++++ Exercise materials

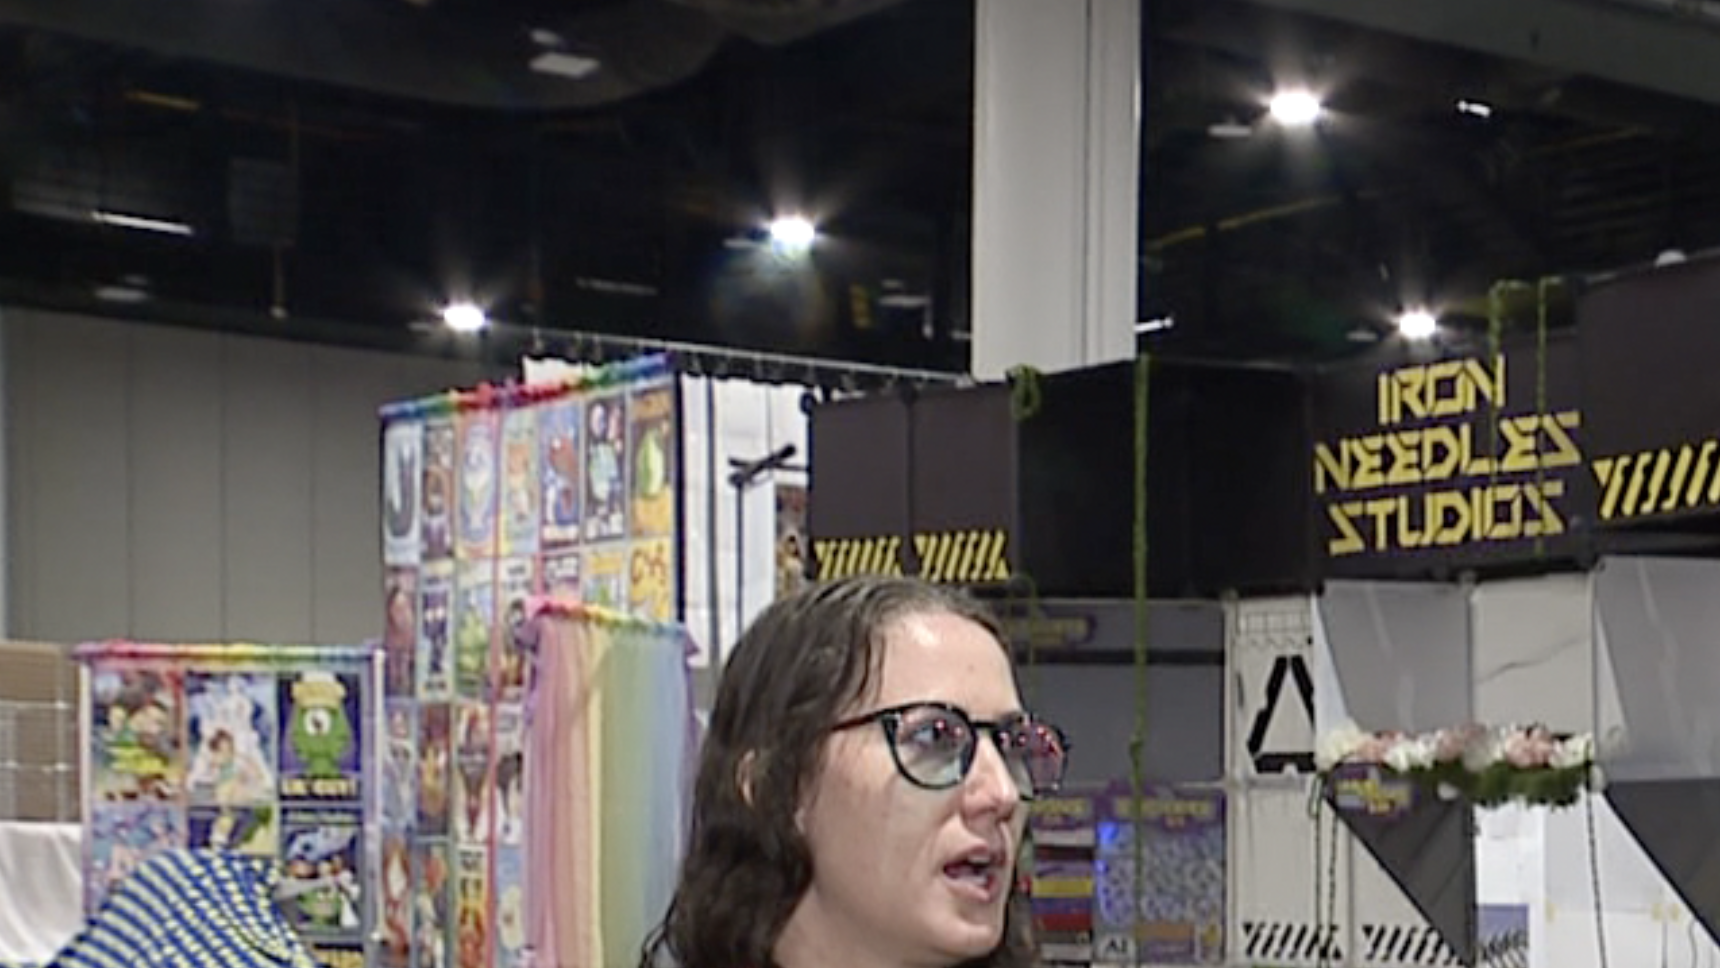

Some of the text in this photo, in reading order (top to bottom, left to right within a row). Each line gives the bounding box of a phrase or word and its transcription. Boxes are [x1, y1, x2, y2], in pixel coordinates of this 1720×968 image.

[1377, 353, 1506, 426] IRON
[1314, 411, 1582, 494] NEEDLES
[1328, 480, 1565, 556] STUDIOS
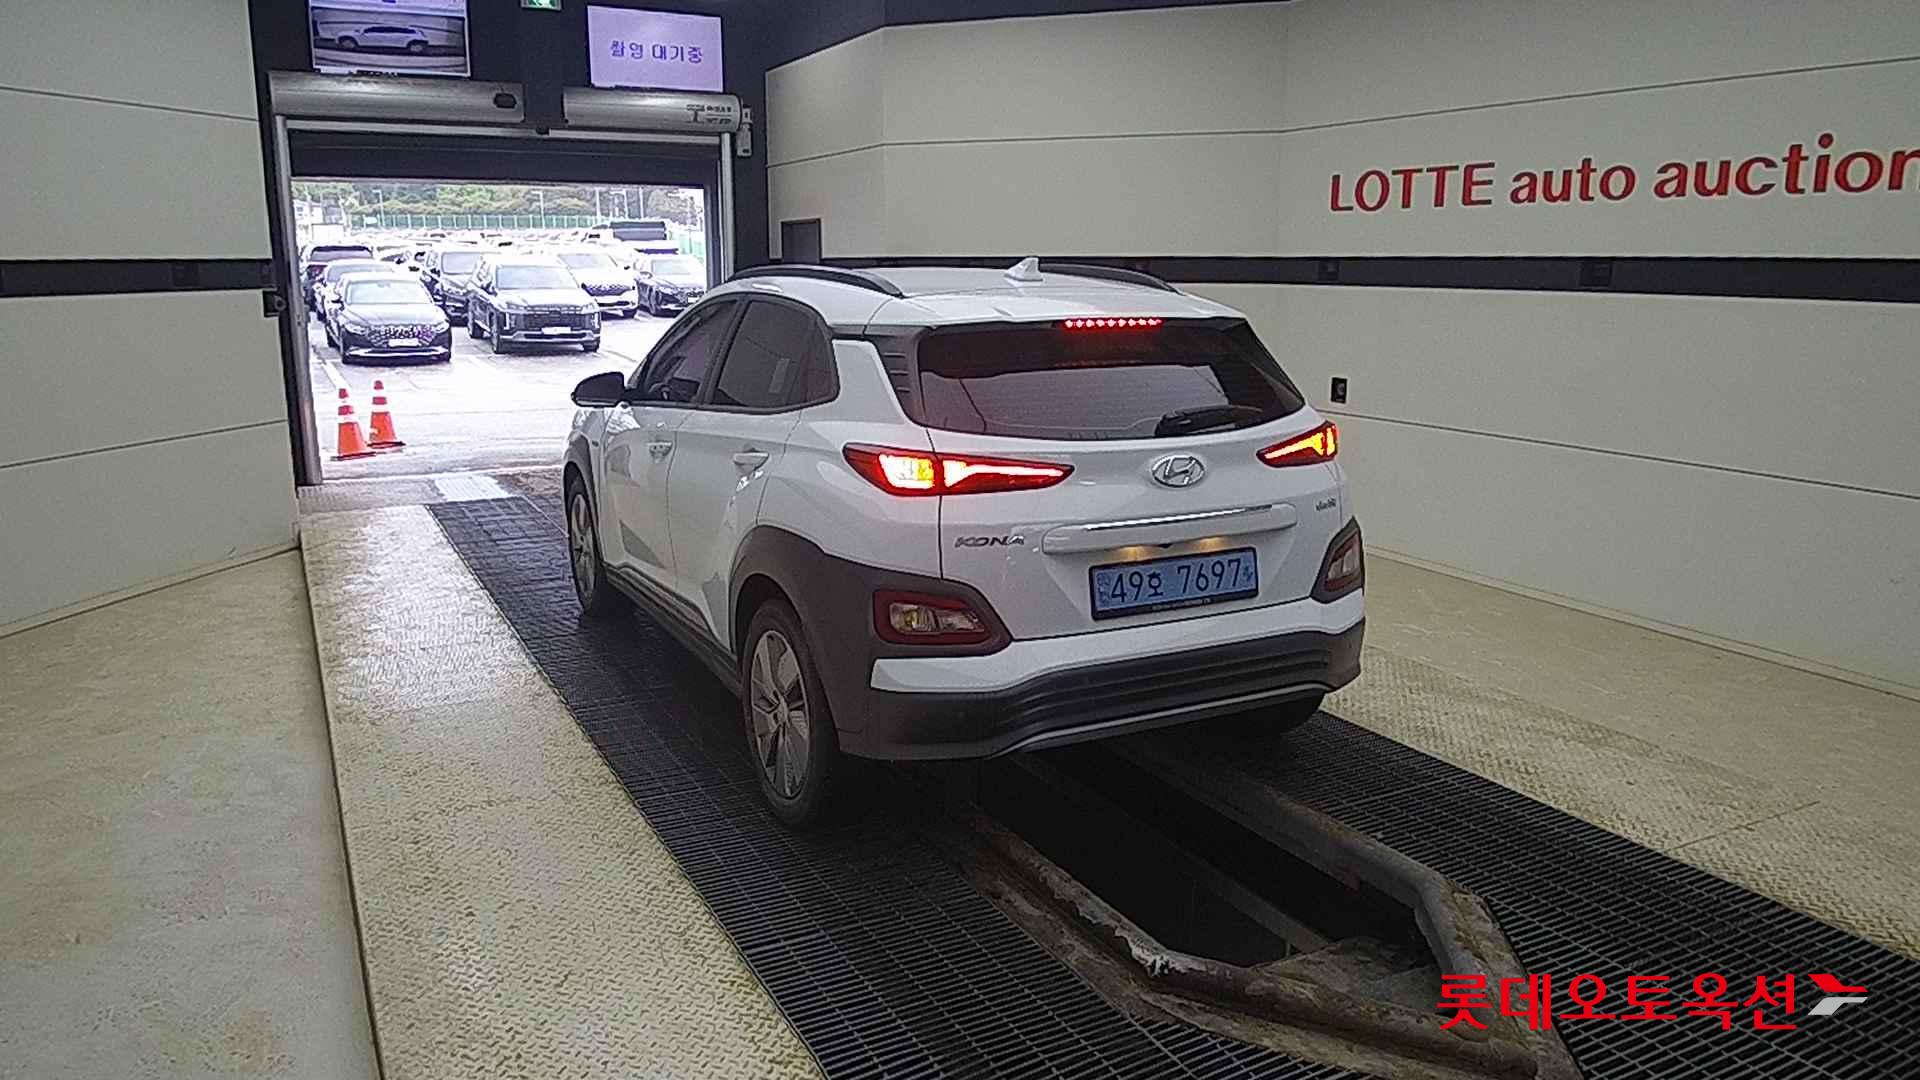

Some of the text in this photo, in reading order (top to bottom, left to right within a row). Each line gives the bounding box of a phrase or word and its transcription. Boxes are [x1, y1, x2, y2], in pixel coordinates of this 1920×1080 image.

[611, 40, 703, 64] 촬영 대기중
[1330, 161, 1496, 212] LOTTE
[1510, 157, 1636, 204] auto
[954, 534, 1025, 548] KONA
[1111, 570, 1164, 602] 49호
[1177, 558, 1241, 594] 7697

++++++++

How to complete this task: An exact restatement of the entries above is needed; no picture may appear in it.

Task result:
Some of the text in this photo, in reading order (top to bottom, left to right within a row). Each line gives the bounding box of a phrase or word and its transcription. Boxes are [x1, y1, x2, y2], in pixel coordinates of this 1720×968 image.

[1377, 353, 1506, 426] IRON
[1314, 411, 1582, 494] NEEDLES
[1328, 480, 1565, 556] STUDIOS

Some of the text in this photo, in reading order (top to bottom, left to right within a row). Each line gives the bounding box of a phrase or word and its transcription. Boxes are [x1, y1, x2, y2], in pixel coordinates of this 1920×1080 image.

[611, 40, 703, 64] 촬영 대기중
[1330, 161, 1496, 212] LOTTE
[1510, 157, 1636, 204] auto
[954, 534, 1025, 548] KONA
[1111, 570, 1164, 602] 49호
[1177, 558, 1241, 594] 7697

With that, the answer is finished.